On 5 September 2016 at 21:40, eryk sun <eryksun at gmail.com> wrote:

On Mon, Sep 5, 2016 at 7:54 PM, Steve Dower <steve.dower at python.org> wrote:

On 05Sep2016 1234, eryk sun wrote:

It would probably be simpler to use UTF-16 in the main pipeline and implement Martin's suggestion to mix in a UTF-8 buffer. The UTF-16 buffer could be renamed as "wbuffer", for expert use. However, if you're fully committed to transcoding in the raw layer, I'm certain that these problems can be addressed with small buffers and using Python's codec machinery for a flexible mix of "surrogatepass" and "replace" error handling.

I don't think it actually makes things simpler. Having two buffers is generally a bad idea unless they are perfectly synced, which would be impossible here without data corruption (if you read half a utf-8 character sequence and then read the wide buffer, do you get that character or not?). Martin's idea, as I understand it, is a UTF-8 buffer that reads from and writes to the text wrapper.

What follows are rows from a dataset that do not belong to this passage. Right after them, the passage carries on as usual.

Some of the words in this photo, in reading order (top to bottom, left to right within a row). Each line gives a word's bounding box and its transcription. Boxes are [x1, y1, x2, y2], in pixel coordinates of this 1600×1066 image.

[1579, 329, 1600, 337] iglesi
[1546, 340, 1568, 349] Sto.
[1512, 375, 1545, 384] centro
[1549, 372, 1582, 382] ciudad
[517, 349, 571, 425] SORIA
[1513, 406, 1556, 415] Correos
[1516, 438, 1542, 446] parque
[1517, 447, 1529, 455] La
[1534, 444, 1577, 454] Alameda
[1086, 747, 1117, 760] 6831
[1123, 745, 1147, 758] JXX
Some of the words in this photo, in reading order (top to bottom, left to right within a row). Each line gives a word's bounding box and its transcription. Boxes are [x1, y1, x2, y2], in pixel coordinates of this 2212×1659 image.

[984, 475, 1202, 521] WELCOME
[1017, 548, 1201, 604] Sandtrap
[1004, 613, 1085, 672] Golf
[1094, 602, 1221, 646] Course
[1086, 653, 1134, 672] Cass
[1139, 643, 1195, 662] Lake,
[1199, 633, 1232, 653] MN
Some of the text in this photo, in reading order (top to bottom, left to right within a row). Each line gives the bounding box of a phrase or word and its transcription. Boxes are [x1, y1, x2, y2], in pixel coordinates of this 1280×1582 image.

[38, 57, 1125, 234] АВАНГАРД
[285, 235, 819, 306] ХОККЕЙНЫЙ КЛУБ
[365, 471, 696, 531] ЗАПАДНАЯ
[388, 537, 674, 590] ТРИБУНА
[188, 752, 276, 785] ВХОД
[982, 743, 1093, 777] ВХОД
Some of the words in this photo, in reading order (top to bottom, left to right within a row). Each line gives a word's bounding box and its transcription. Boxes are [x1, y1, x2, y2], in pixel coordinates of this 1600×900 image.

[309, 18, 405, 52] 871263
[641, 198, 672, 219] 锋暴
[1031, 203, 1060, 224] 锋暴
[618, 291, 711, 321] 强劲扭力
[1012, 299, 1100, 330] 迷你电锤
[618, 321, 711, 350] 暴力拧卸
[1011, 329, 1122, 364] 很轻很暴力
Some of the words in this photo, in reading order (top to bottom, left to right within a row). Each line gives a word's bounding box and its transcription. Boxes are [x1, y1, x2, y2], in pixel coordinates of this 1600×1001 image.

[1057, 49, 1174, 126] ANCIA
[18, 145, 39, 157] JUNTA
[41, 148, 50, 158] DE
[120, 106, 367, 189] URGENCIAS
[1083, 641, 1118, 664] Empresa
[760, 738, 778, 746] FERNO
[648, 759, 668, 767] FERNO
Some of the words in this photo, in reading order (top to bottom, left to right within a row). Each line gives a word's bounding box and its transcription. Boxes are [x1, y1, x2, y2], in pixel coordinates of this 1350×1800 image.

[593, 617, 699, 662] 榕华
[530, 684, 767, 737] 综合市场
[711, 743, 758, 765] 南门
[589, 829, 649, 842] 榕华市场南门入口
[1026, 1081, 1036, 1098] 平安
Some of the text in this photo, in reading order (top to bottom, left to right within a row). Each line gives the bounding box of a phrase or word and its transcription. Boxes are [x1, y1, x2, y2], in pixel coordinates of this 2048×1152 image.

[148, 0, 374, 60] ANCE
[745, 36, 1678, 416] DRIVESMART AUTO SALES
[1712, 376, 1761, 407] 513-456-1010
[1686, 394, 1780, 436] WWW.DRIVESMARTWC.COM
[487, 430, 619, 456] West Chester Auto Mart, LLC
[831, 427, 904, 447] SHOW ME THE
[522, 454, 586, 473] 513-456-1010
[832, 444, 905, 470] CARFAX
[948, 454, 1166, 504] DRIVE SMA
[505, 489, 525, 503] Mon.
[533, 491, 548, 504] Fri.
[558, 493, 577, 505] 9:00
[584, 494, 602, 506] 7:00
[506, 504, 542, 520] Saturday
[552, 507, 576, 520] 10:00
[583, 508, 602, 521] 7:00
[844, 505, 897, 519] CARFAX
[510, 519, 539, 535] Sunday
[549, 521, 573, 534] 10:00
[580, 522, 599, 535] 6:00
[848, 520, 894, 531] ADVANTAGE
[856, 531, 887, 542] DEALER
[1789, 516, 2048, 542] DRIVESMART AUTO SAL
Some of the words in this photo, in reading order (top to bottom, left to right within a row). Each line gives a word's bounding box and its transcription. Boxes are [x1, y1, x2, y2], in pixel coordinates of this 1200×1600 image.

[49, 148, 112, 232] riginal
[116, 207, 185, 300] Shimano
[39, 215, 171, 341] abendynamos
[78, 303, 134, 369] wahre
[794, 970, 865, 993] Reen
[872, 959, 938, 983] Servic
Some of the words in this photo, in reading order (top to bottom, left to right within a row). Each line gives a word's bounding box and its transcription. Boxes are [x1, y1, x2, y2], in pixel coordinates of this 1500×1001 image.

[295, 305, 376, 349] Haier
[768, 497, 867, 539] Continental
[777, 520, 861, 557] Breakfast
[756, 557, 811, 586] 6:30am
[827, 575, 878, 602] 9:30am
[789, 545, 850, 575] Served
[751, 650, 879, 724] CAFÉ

Yes, that was basically it. Though I had only thought as far as simple encodings like ASCII, where one byte corresponds to one character. I wonder if you really need UTF-8 support. Are the encoding values currently encountered for Windows consoles all single-byte encodings or are they more complicated?

It necessarily consumes at least one character and buffers it to allow reading per byte. Likewise for writing, it buffers bytes until it can write a character to the text wrapper. ISTM, it has to look for incomplete lead-continuation byte sequences at the tail end, to hold them until the sequence is complete, at which time it either decodes to a valid character or the U+FFFD replacement character.

This buffering behaviour would be necessary for a multi-byte encodings like UTF-8.